Mount Denys care home to improve services

The Care Quality Commission (CQC) has told Mount Denys care home in Hastings that it must take swift action to improve services at the home.

Mount Denys is a purpose built home provided by East Sussex County Council for the care of older people with dementia type illness. The home can accommodate up to 31 people.

Following visits in July 2011, CQC inspectors found that the care provided fell short of the essential standards of quality and safety people should be able to expect from a care home.

In August the CQC took enforcement action against Mount Denys. Since then the local authority has been taking urgent steps to move towards compliance with all essential standards.

The CQC report, which is published today, highlights ten areas of major concern found during the July inspection, including

Respecting and involving people

The dignity of people in the home was not routinely supported. Bedrooms lacked personalisation, and some people lacked adequate bedding. Information was not provided in accessible formats to inform people living in the home’s choices and decisions. There was limited evidence that people were being actively consulted about their care and support.

Consent to care

Inspectors looked at six Care Plans, none of which had consents to care signed, although there was a page at the beginning of the plan of care specifically for this purpose. There was no evidence of family involvement in the care plans viewed and there was a lack of mental capacity assessments to support judgements about consent. There was a lack of evidence that consent is sought from people using the service for care and treatment decisions.

Care and welfare

There was an overall lack of stimulation for people living in the home on a day to day basis. Activities provided did not ensure that all people on every day have some degree of stimulation tailored to their specific needs. Care plans did not provide enough information to inform staff about how to work with and support people effectively and were not supported by or informed by appropriate risk assessments.


Safeguarding people

There was an established culture of physical and verbal violence in the home

between residents and by residents on staff, which put both residents and staff at risk of harm. There was an absence of multi disciplinary input or agreed strategies for managing behaviour. There were inadequate safeguards in place to protect people from harm.

CQC Regional Director for the South East, Roxy Boyce, said: “The care at Mount Denys Care Home has fallen short of the standards people have a right to expect. Nevertheless, I welcome the fact that the provider has been urgently implementing improvements in services at the home and that the local authority has been co-operative with the inspection team.

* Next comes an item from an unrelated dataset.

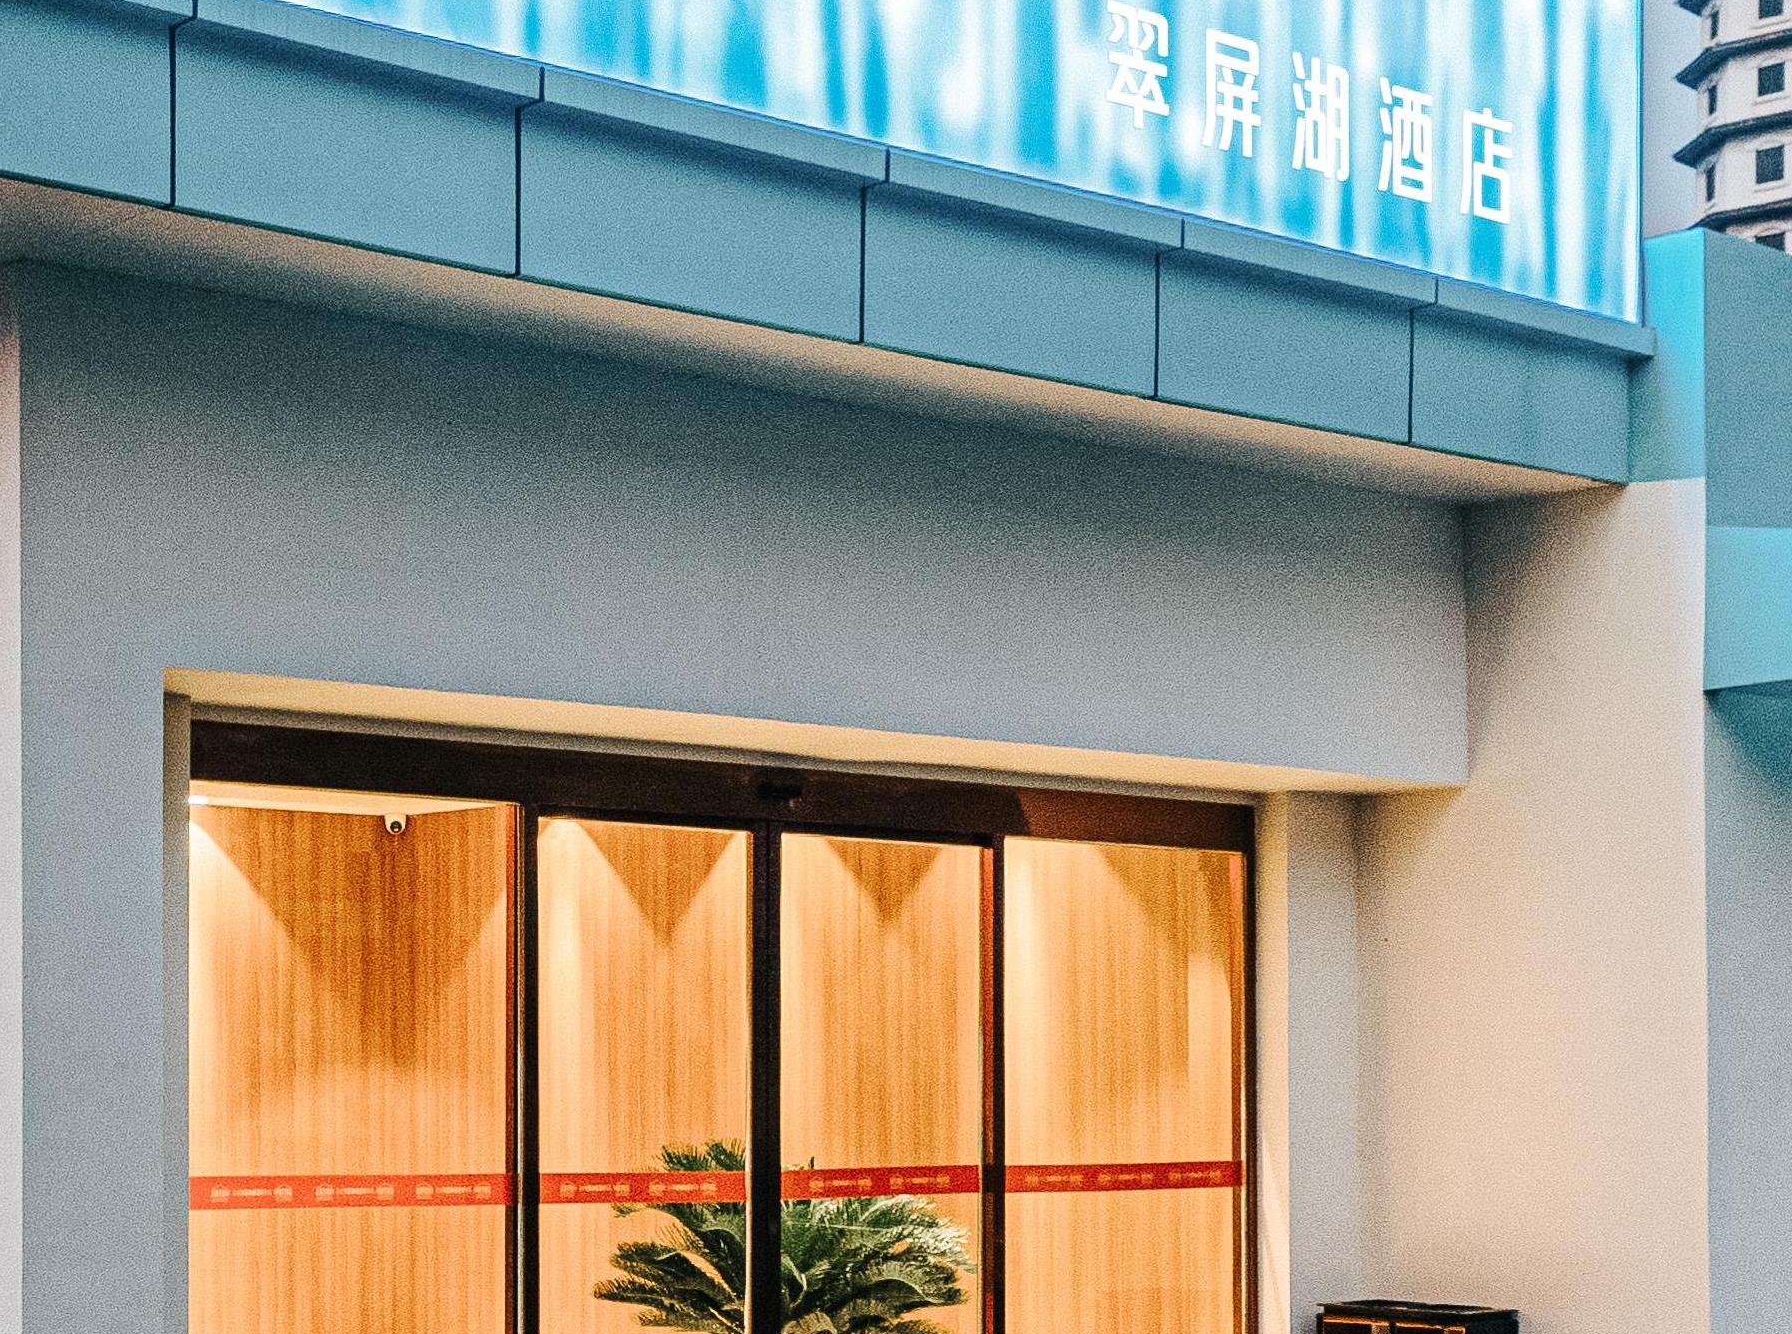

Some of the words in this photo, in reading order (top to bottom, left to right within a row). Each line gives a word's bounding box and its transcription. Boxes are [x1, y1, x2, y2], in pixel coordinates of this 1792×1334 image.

[1105, 0, 1514, 225] 翠屏湖酒店

We will continue to scrutinise this service very closely to ensure these improvements are sustained.”

Under the Health and Social Care Act 2008, the Care Quality Commission has a number of enforcement powers that enable it to act swiftly when services are failing people. These include issuing warning notices, restricting the services that a provider can offer or the way it is provided; or, in the most serious cases, suspending or cancelling a service. CQC can also issue financial penalty notices and cautions or prosecute the provider for failing to meet essential standards.